===== Provided records =====

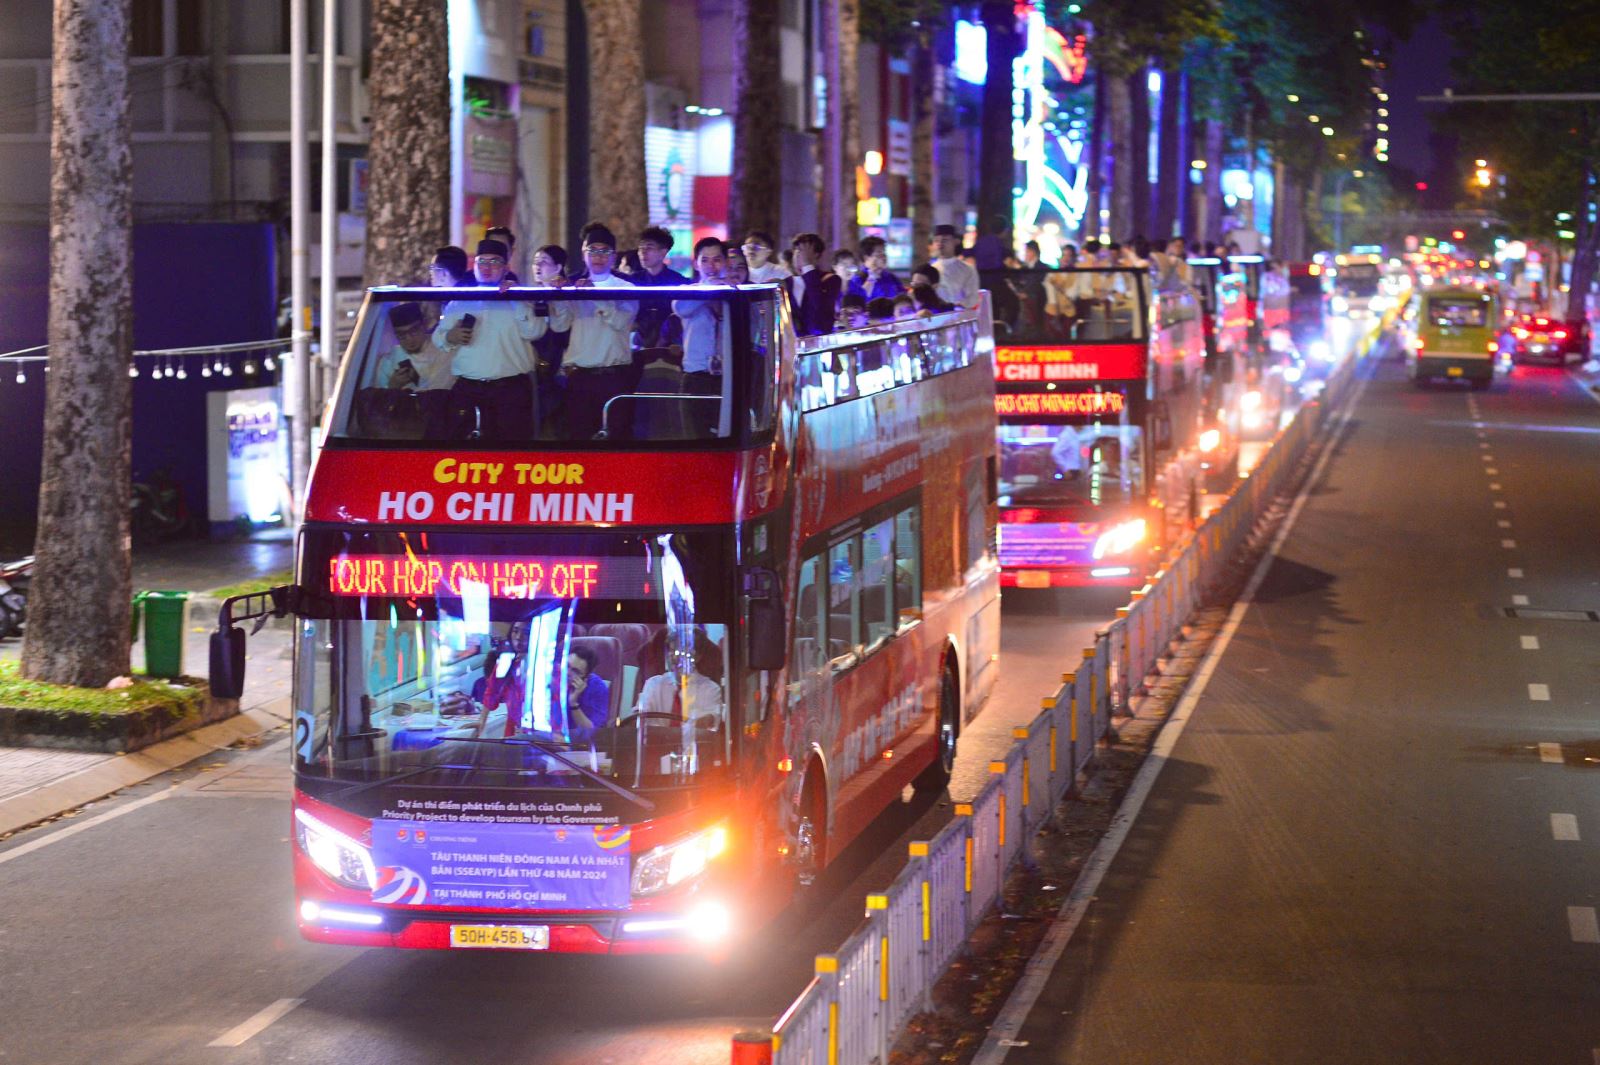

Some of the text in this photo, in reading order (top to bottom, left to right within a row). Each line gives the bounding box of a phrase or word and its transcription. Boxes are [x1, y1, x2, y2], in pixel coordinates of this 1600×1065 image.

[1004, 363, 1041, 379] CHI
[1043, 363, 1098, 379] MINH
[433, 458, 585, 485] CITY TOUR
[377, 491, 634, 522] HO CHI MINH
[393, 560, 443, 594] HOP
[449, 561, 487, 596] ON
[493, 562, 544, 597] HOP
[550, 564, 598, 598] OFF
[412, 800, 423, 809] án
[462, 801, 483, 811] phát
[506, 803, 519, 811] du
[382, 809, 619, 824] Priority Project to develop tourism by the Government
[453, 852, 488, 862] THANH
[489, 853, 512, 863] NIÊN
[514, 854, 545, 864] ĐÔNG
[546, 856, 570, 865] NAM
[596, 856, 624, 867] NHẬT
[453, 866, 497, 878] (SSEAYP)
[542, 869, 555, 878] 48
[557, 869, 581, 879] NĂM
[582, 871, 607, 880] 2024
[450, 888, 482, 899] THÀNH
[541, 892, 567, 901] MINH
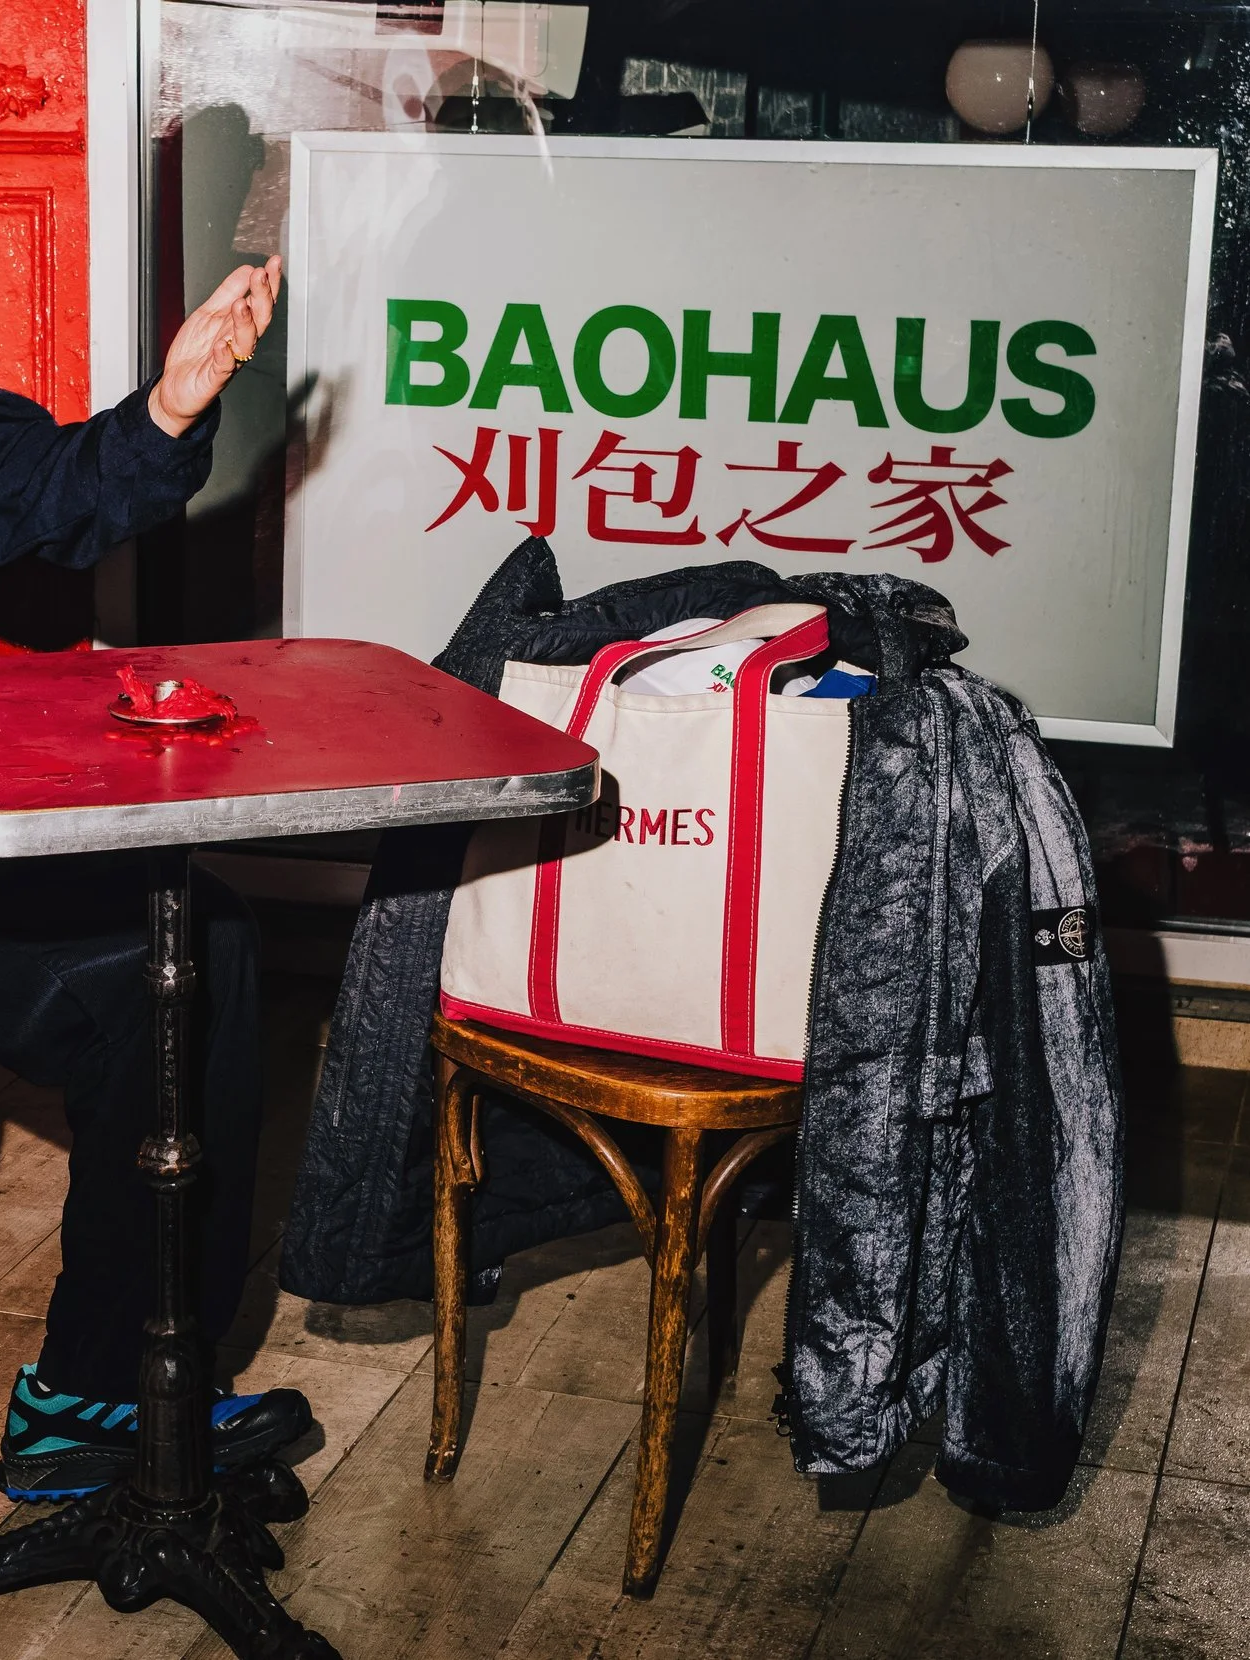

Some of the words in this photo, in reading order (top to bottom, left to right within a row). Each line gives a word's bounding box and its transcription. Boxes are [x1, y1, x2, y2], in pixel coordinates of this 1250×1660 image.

=====

## Exercise
Copy out the data exactly and keep the pictures out.

## Answer for the task
Some of the text in this photo, in reading order (top to bottom, left to right within a row). Each line gives the bounding box of a phrase or word and its transcription. Boxes are [x1, y1, x2, y2], in pixel coordinates of this 1600×1065 image.

[1004, 363, 1041, 379] CHI
[1043, 363, 1098, 379] MINH
[433, 458, 585, 485] CITY TOUR
[377, 491, 634, 522] HO CHI MINH
[393, 560, 443, 594] HOP
[449, 561, 487, 596] ON
[493, 562, 544, 597] HOP
[550, 564, 598, 598] OFF
[412, 800, 423, 809] án
[462, 801, 483, 811] phát
[506, 803, 519, 811] du
[382, 809, 619, 824] Priority Project to develop tourism by the Government
[453, 852, 488, 862] THANH
[489, 853, 512, 863] NIÊN
[514, 854, 545, 864] ĐÔNG
[546, 856, 570, 865] NAM
[596, 856, 624, 867] NHẬT
[453, 866, 497, 878] (SSEAYP)
[542, 869, 555, 878] 48
[557, 869, 581, 879] NĂM
[582, 871, 607, 880] 2024
[450, 888, 482, 899] THÀNH
[541, 892, 567, 901] MINH

Some of the words in this photo, in reading order (top to bottom, left to right within a row). Each line gives a word's bounding box and its transcription. Boxes are [x1, y1, x2, y2], in pixel coordinates of this 1250×1660 image.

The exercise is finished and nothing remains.